■ ASSIGNED TASK
Without the pictures, give the entries below again exactly as written.

■ SOURCE MATERIAL
__________
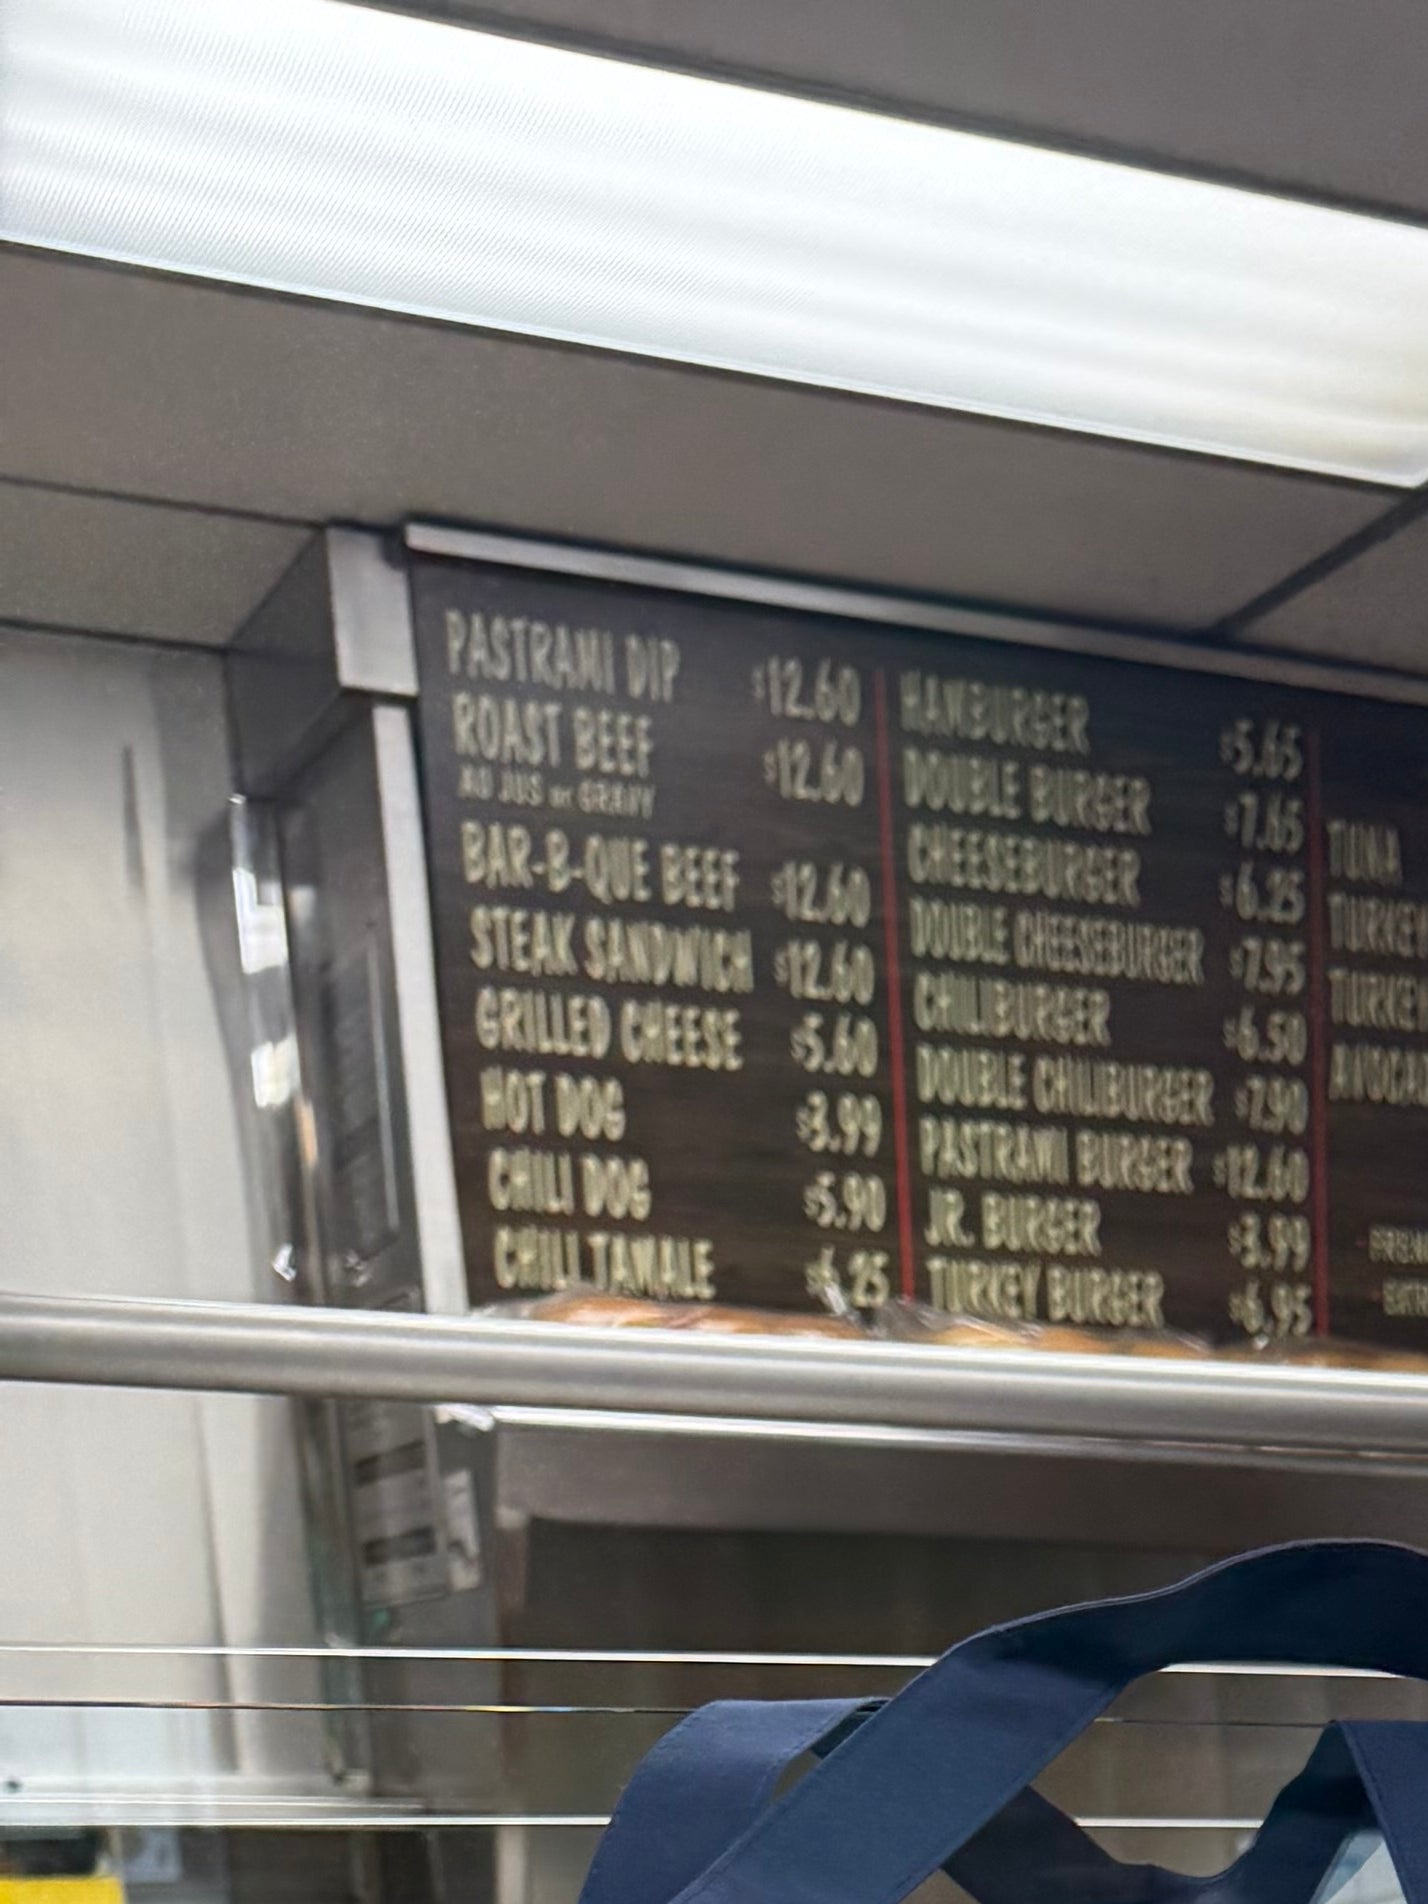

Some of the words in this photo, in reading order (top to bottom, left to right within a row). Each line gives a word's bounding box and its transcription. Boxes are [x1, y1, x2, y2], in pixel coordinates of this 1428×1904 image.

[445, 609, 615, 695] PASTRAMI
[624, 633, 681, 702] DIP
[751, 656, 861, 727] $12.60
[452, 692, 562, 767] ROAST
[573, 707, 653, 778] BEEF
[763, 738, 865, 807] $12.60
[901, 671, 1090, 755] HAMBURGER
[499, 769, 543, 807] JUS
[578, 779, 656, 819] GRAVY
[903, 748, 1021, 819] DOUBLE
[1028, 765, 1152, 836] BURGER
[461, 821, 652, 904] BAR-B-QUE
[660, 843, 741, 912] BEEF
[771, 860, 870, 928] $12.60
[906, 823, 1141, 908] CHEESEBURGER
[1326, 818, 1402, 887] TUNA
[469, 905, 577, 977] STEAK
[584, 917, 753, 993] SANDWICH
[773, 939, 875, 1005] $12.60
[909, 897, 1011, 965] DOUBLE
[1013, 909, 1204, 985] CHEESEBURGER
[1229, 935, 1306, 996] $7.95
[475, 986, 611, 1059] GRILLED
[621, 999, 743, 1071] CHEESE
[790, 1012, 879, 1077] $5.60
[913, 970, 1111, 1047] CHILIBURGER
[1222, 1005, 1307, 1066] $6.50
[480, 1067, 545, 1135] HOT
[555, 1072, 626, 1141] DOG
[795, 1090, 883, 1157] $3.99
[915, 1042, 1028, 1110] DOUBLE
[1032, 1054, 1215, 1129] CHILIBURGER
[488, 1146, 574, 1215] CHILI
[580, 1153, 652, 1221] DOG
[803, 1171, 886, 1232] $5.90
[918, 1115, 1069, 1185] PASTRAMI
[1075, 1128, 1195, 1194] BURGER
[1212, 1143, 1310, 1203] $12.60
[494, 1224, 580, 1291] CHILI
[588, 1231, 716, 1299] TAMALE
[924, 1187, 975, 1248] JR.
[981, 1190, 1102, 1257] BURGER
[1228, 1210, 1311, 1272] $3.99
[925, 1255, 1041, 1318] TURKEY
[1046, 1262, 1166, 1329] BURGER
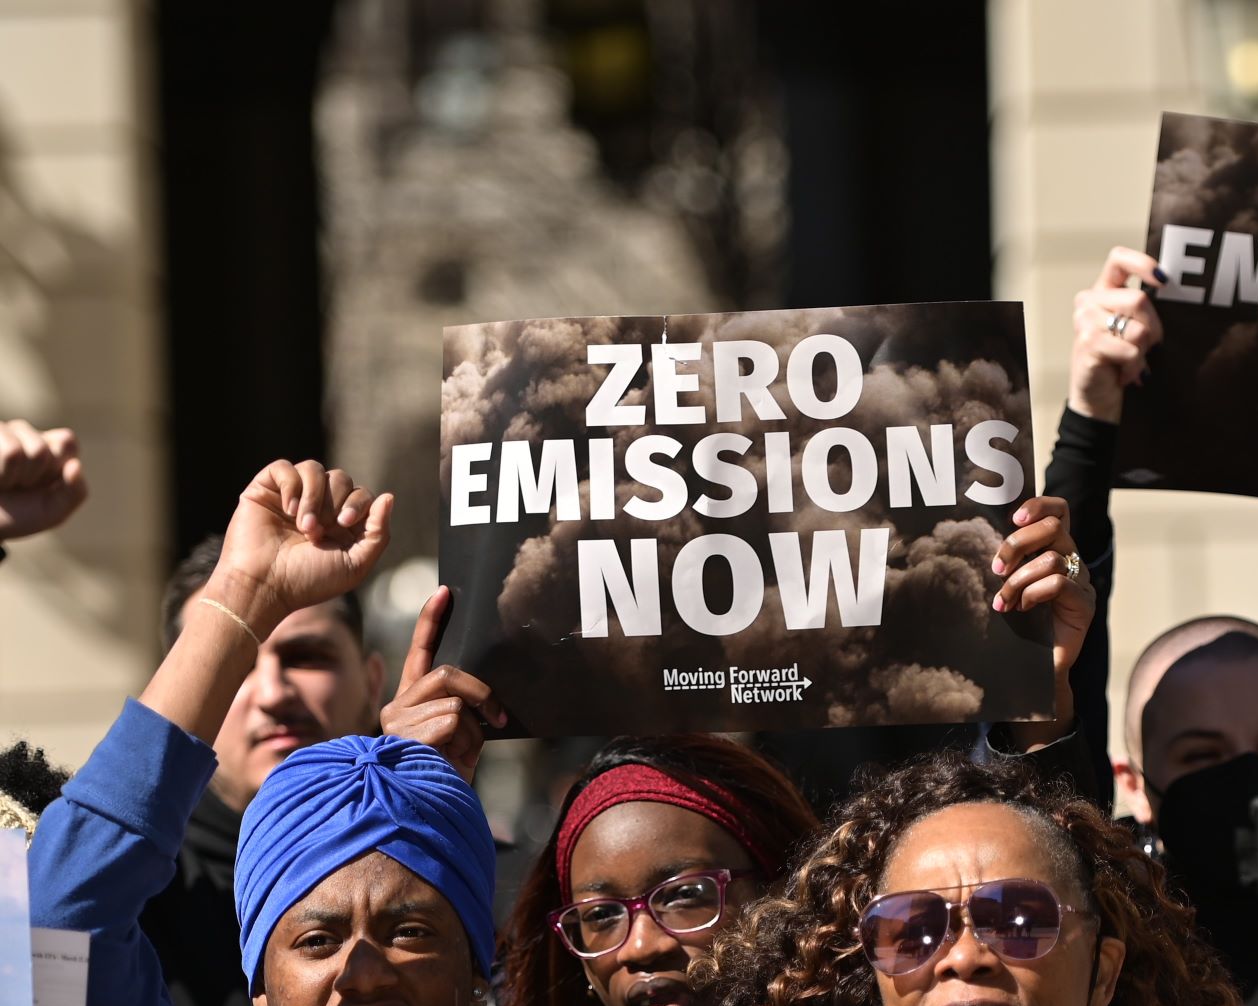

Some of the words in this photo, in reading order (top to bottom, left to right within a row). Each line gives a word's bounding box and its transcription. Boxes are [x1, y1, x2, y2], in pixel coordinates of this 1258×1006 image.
__________
■ TASK RESULT
Some of the words in this photo, in reading order (top to bottom, left to right within a row). Each line gives a word's bounding box and its transcription. Boxes are [x1, y1, x2, y2], in pixel coordinates of this 1428×1904 image.

[445, 609, 615, 695] PASTRAMI
[624, 633, 681, 702] DIP
[751, 656, 861, 727] $12.60
[452, 692, 562, 767] ROAST
[573, 707, 653, 778] BEEF
[763, 738, 865, 807] $12.60
[901, 671, 1090, 755] HAMBURGER
[499, 769, 543, 807] JUS
[578, 779, 656, 819] GRAVY
[903, 748, 1021, 819] DOUBLE
[1028, 765, 1152, 836] BURGER
[461, 821, 652, 904] BAR-B-QUE
[660, 843, 741, 912] BEEF
[771, 860, 870, 928] $12.60
[906, 823, 1141, 908] CHEESEBURGER
[1326, 818, 1402, 887] TUNA
[469, 905, 577, 977] STEAK
[584, 917, 753, 993] SANDWICH
[773, 939, 875, 1005] $12.60
[909, 897, 1011, 965] DOUBLE
[1013, 909, 1204, 985] CHEESEBURGER
[1229, 935, 1306, 996] $7.95
[475, 986, 611, 1059] GRILLED
[621, 999, 743, 1071] CHEESE
[790, 1012, 879, 1077] $5.60
[913, 970, 1111, 1047] CHILIBURGER
[1222, 1005, 1307, 1066] $6.50
[480, 1067, 545, 1135] HOT
[555, 1072, 626, 1141] DOG
[795, 1090, 883, 1157] $3.99
[915, 1042, 1028, 1110] DOUBLE
[1032, 1054, 1215, 1129] CHILIBURGER
[488, 1146, 574, 1215] CHILI
[580, 1153, 652, 1221] DOG
[803, 1171, 886, 1232] $5.90
[918, 1115, 1069, 1185] PASTRAMI
[1075, 1128, 1195, 1194] BURGER
[1212, 1143, 1310, 1203] $12.60
[494, 1224, 580, 1291] CHILI
[588, 1231, 716, 1299] TAMALE
[924, 1187, 975, 1248] JR.
[981, 1190, 1102, 1257] BURGER
[1228, 1210, 1311, 1272] $3.99
[925, 1255, 1041, 1318] TURKEY
[1046, 1262, 1166, 1329] BURGER

Some of the words in this photo, in reading order (top to bottom, left to right within a row). Each line gives a word's bounding box and its transcription. Boxes are [x1, y1, x2, y2], in pixel coordinates of this 1258×1006 image.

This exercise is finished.